IELTS and TOEFL are the examples of language proficiency tests.
A diagnostic test is a test that helps the teacher and learners identify problems that they have with the
language. At the start of the course, the teacher gives the learners a diagnostic test to see what areas of
language need to be in the syllabus.
Test specifications are a detailed summary of the test components and their purpose. They can serve as
an outline for the structure of the test and its general objectives, and they can also be made more
detailed depending on how much info is added.
Assessing skills:
Speaking: word repetition, sentence/dialogue completion, oral questionnaires, picture-cued tasks,
translations, question and answer, paraphrasing.
Reading: multiple choice, picture-cued tasks, reading aloud, matching, editing, gap-filling, cloze tasks,
editing, scanning, ordering.
Writing: copying, listening cloze, picture-cued tasks, multiple choice, matching, dictation, grammatical
transformation, ordering, paraphrasing.
Listening: question and answer, listening cloze, information transfer, sentence repetition, dictations,
note-taking, editing, retelling.
Extensive reading, free reading, book flood, or reading for pleasure is a way of language learning,
including foreign language learning, through large amounts of reading. As well as facilitating acquisition
of vocabulary, it is believed to increase motivation through positive affective benefits.
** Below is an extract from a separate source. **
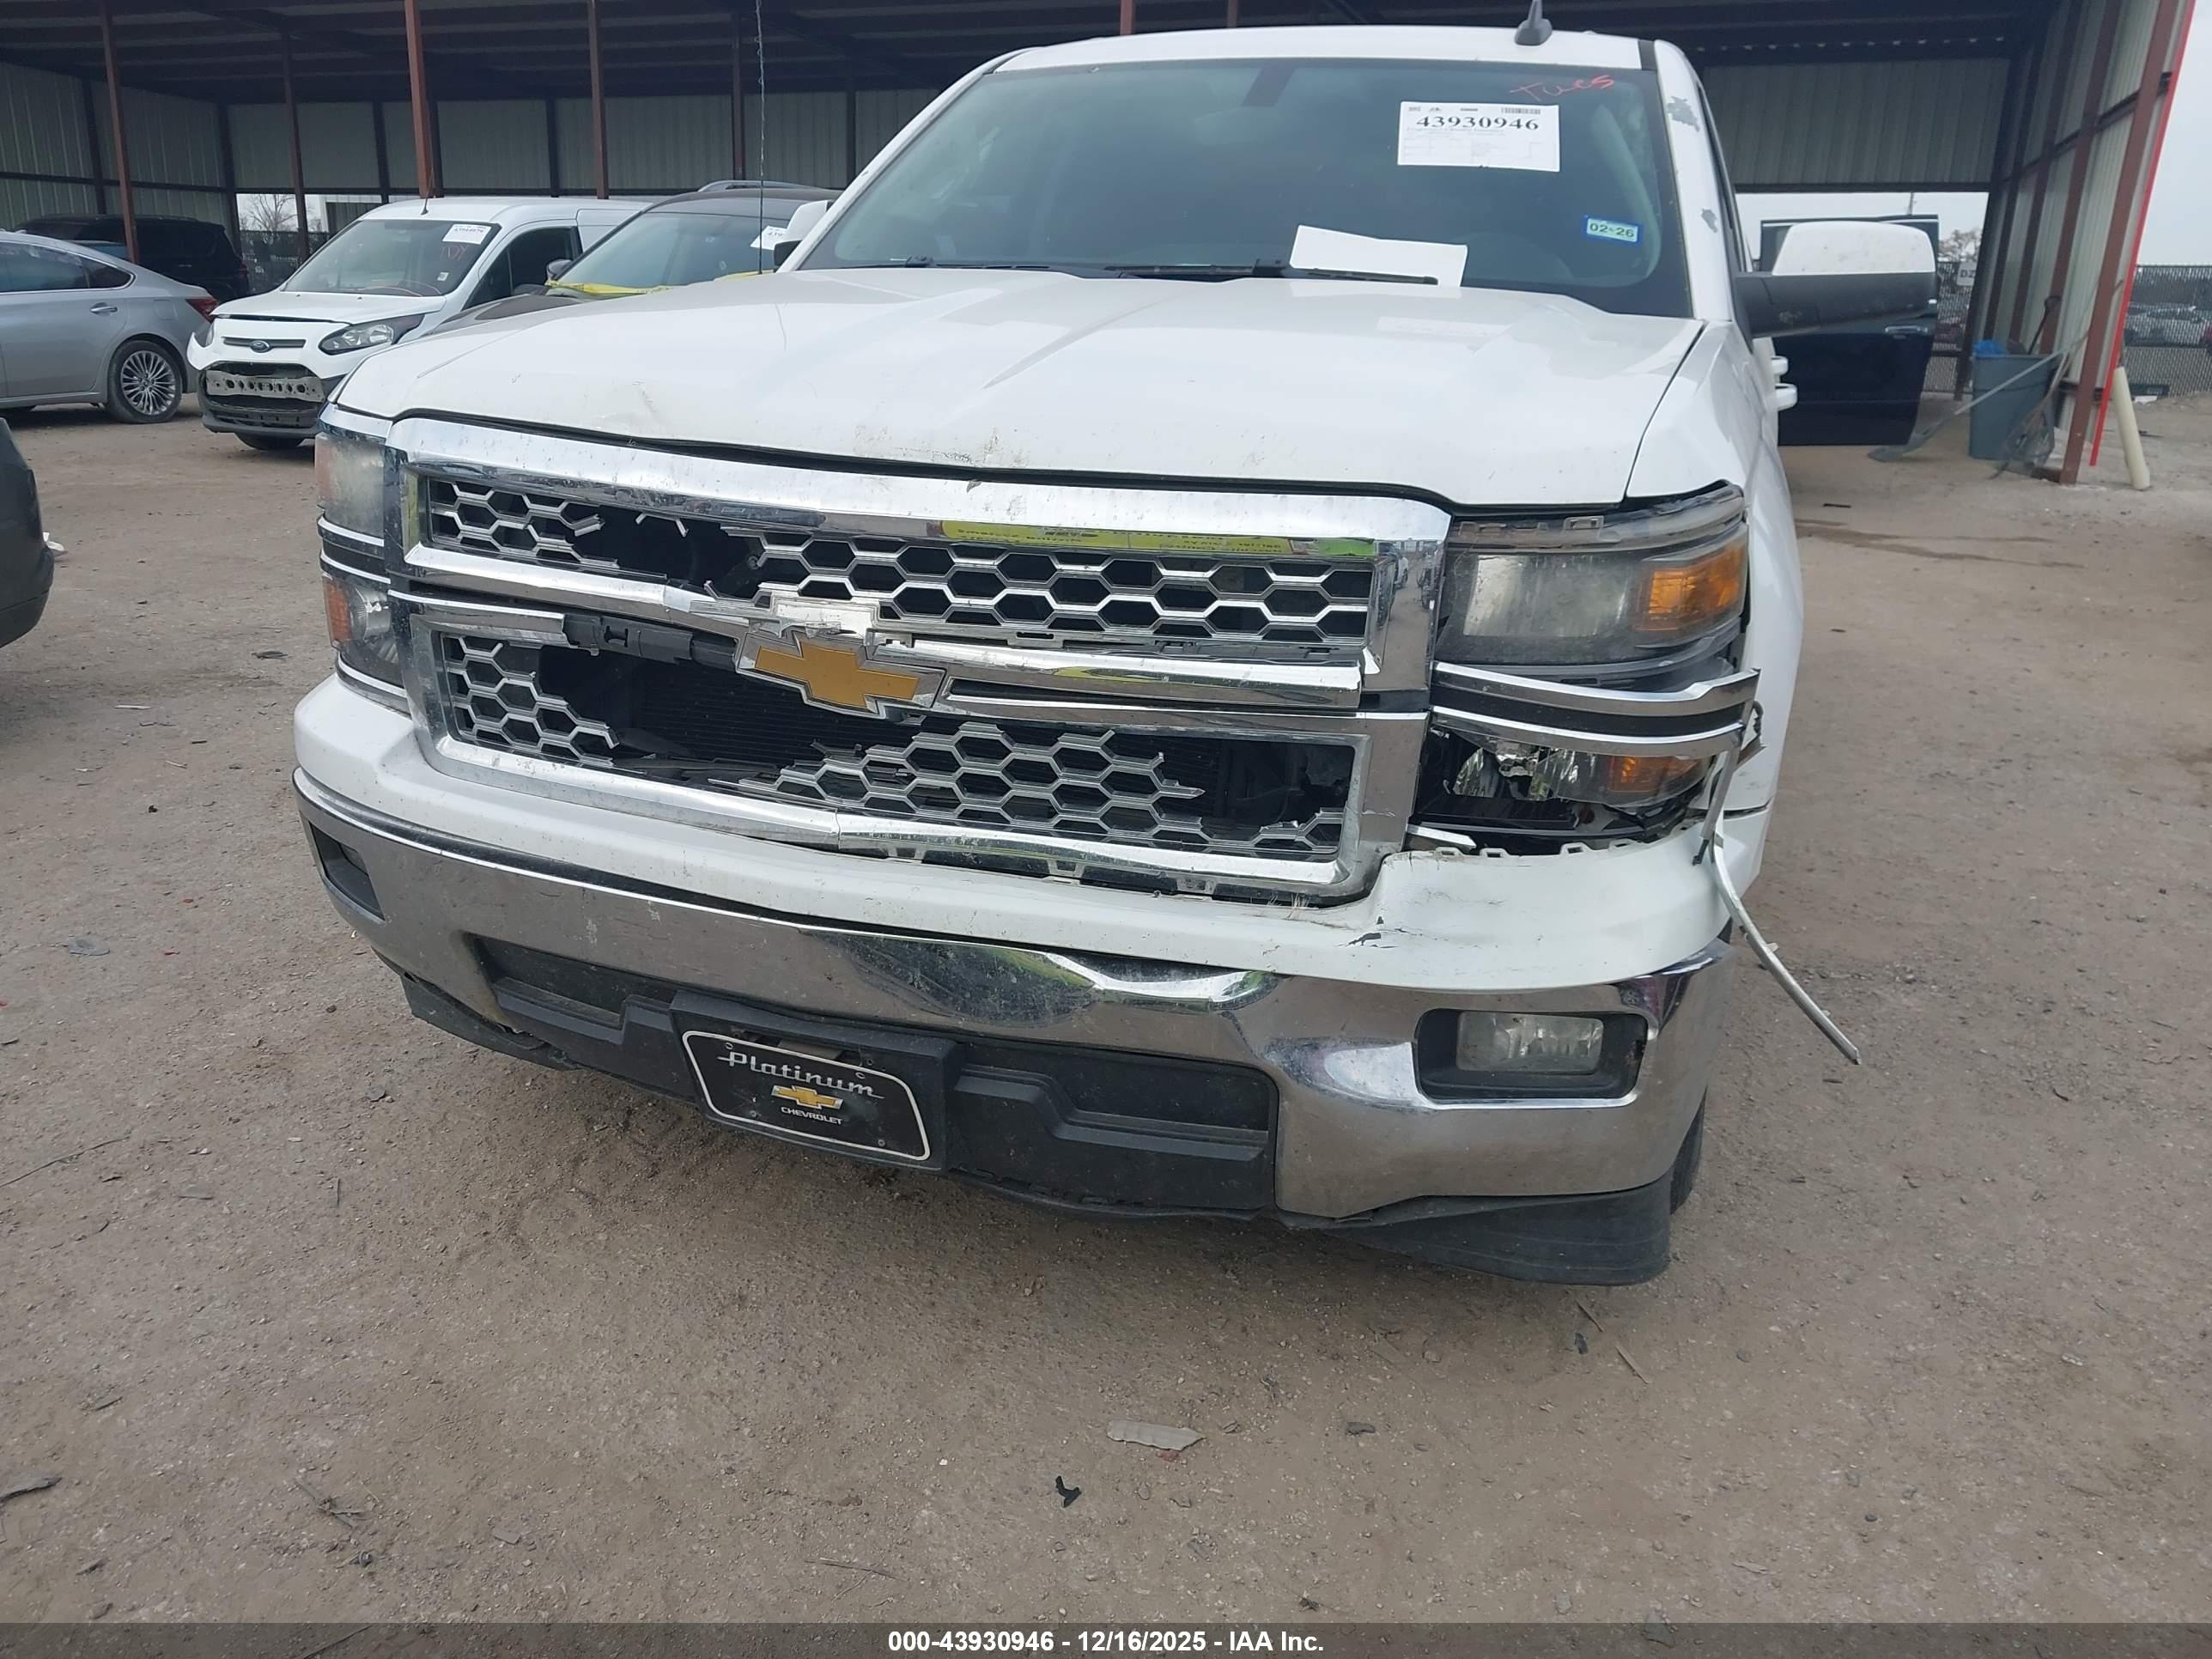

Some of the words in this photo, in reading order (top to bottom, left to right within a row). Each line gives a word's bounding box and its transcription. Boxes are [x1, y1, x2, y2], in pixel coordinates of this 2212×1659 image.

[1416, 115, 1540, 131] 43930946
[716, 1050, 885, 1100] Platinum
[781, 1107, 842, 1125] CHEVROLET
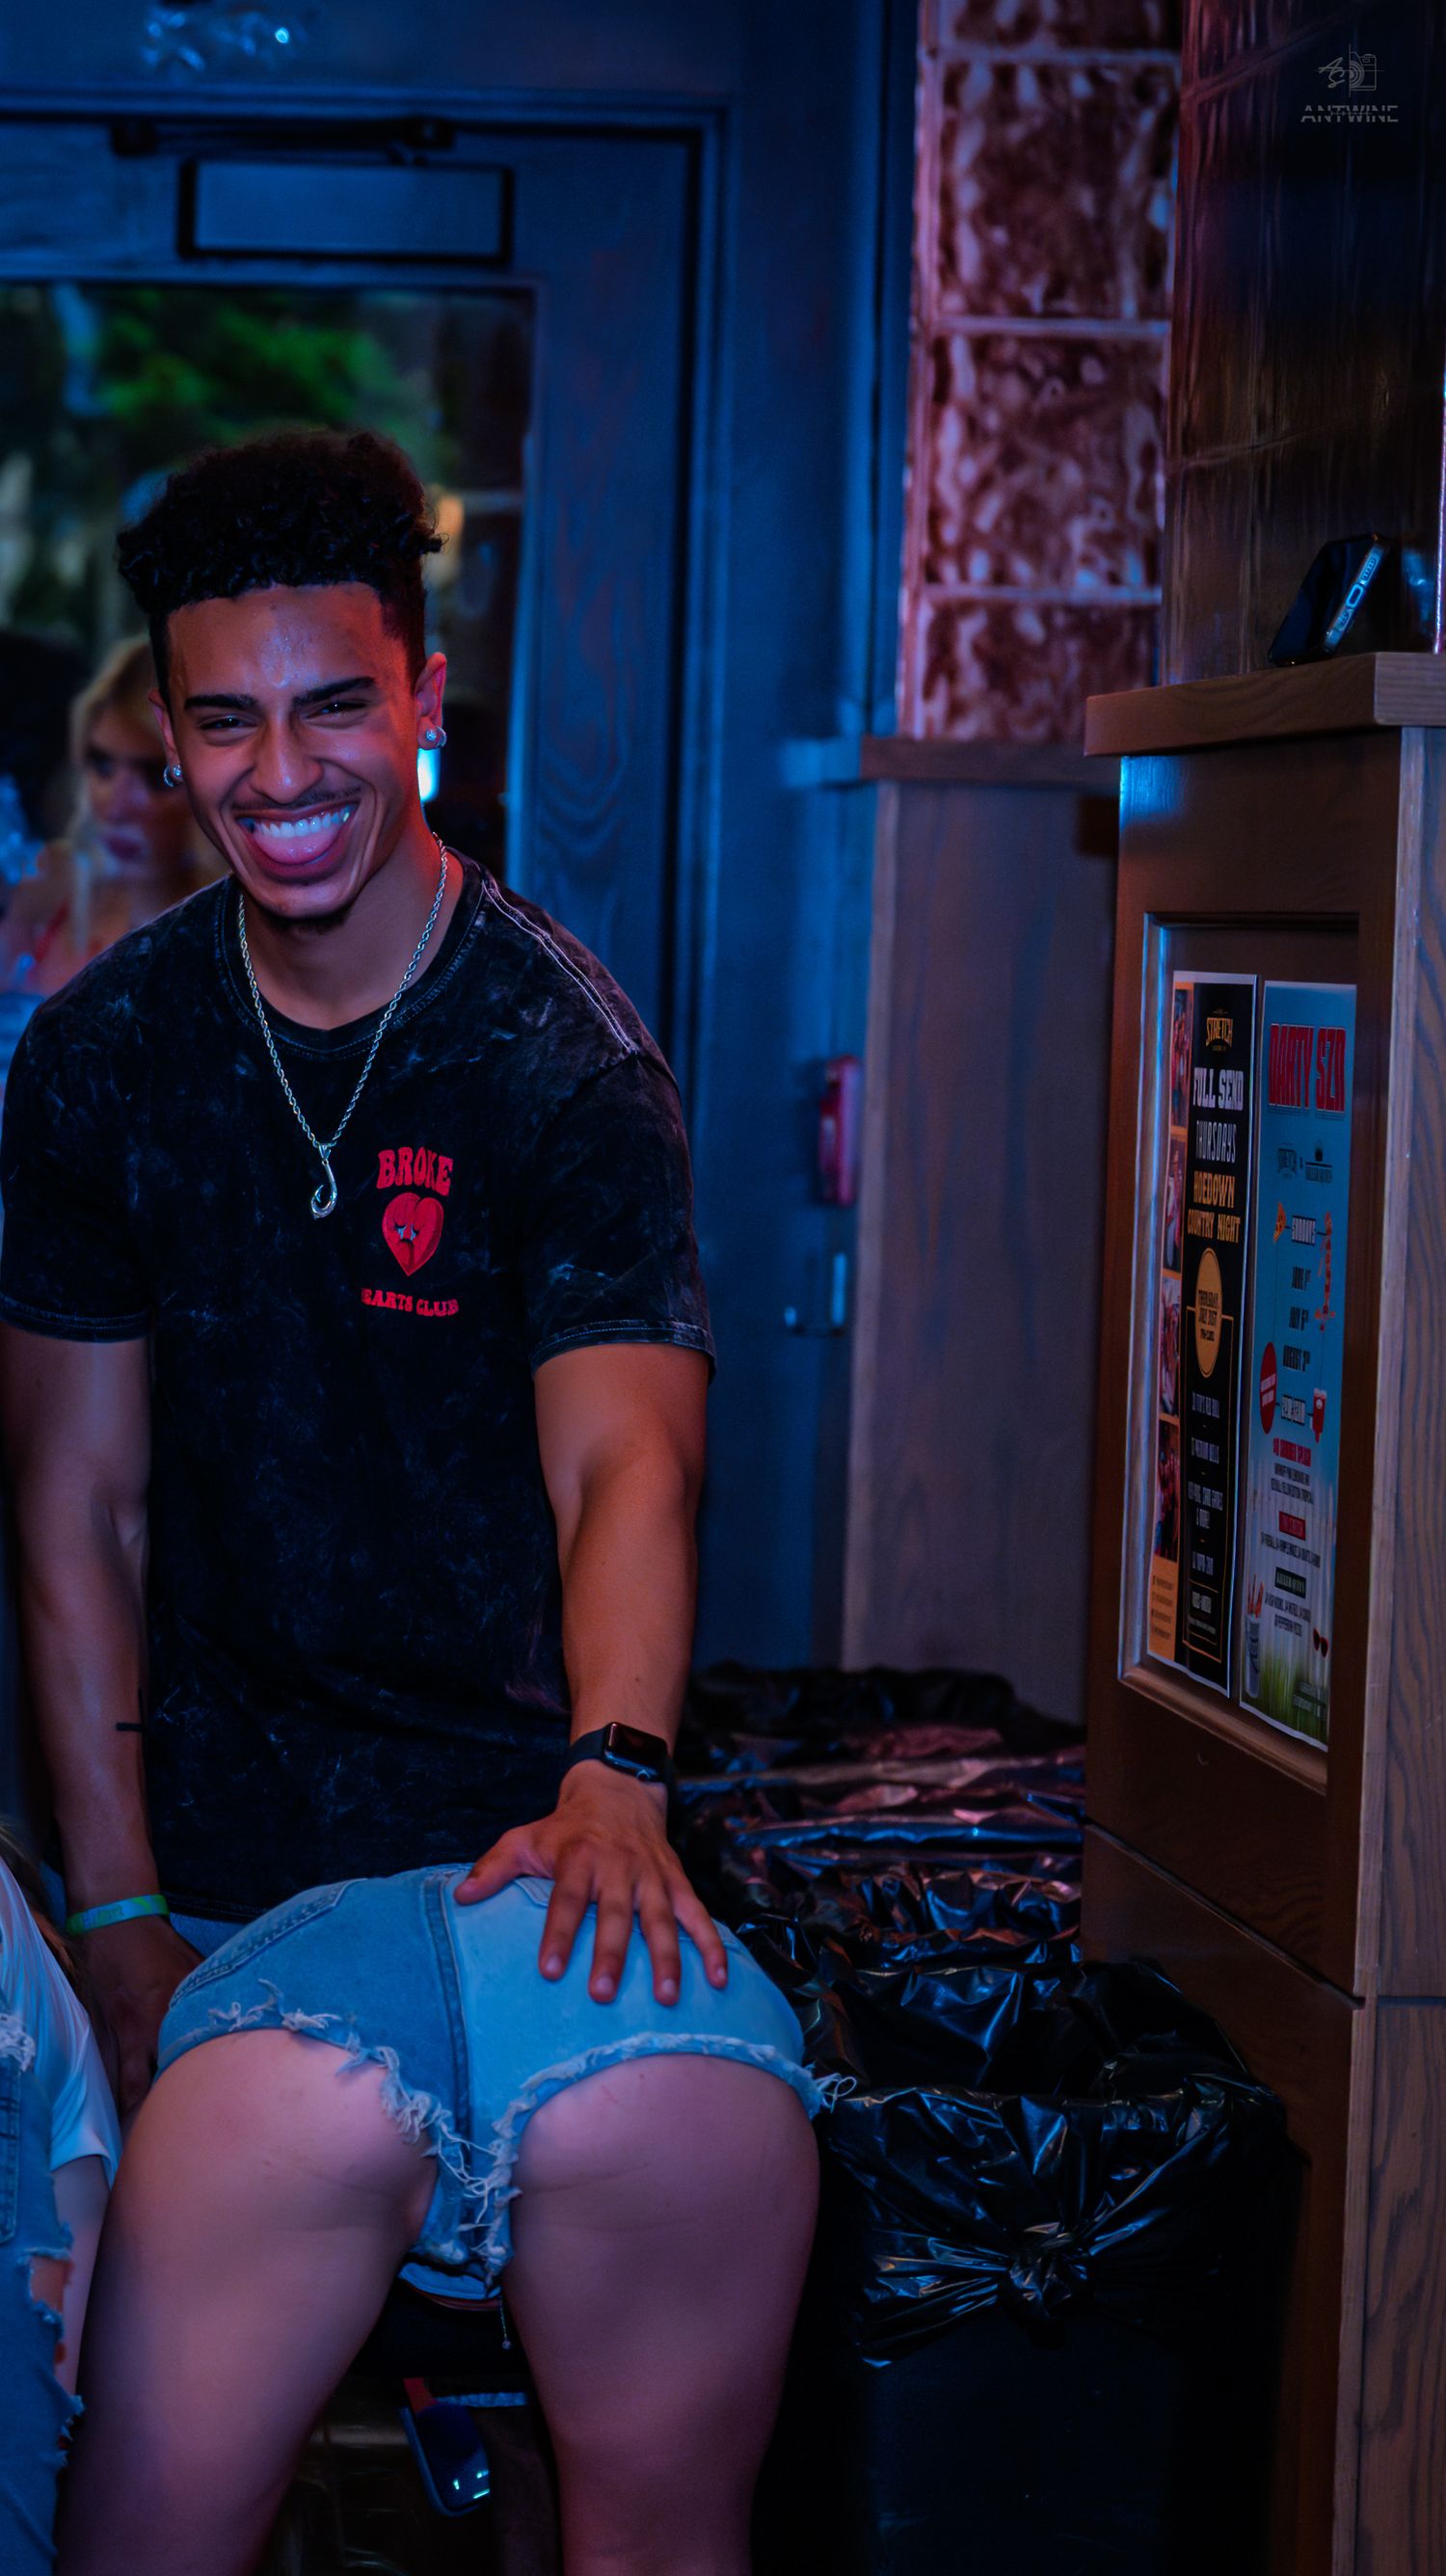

Holistic scoring provides an examinee with a single score regarding the quality of examinee work (i.e.,
performance) as a whole. Most commonly, holistic scoring is used to assess writing samples, though it
may be employed to assess any performance task, for example, acting, debate, dance, or athletics.
When scoring an essay holistically, the rater neither marks errors on the paper nor does the individual
write constructive comments in the margins. Instead, the rater considers the quality of the entire paper
and then assigns one holistic score. The SAT, ACT, and Advanced Placement tests all utilize a 6-point
holistic scoring rubric to assess their respective writing sections.
Analytic scoring is a method of evaluating student work that requires assigning a separate score for
each dimension of a task. Often used with performance assessment tasks, analytic scoring rubrics
specify the key dimensions of a task and define student performance relative to a set of criteria across
performance levels for each dimension. For example, analytic rubrics used to evaluate student essay
writing often include the following dimensions: development of ideas, organization, language use,
vocabulary, grammar, spelling, and mechanics.
What makes speaking difficult?
- Clustering, redundancy, reduced forms, performance variables, colloquial language, rate of delivery,
stress, rhythm and intonation and interaction.
A cloze test (also cloze deletion test or occlusion test) is an exercise, test, or assessment consisting of a
portion of language with certain items, words, or signs removed (cloze text), where the participant is
asked to replace the missing language item. Cloze tests require the ability to understand context
and vocabulary in order to identify the correct language or part of speech that belongs in the deleted
passages. This exercise is commonly administered for the assessment of native and second language
learning and instruction.
C-test is a task where the second half of every other word is obliterated and the test taker must restore
each word.
What skills do learners have to master in order to become efficient readers?
Top-down, bottom-up and schemata. Learn the basics and then connect whole contexts.
‘ Alternative assessment’ is usually taken to mean assessment procedures which are less formal than
traditional testing, which are gathered over a period of time rather than being taken at one point in
time, which are usually formative rather than summative in function, are often low-stakes in terms of
consequences, and are claimed to have beneficial washback effects.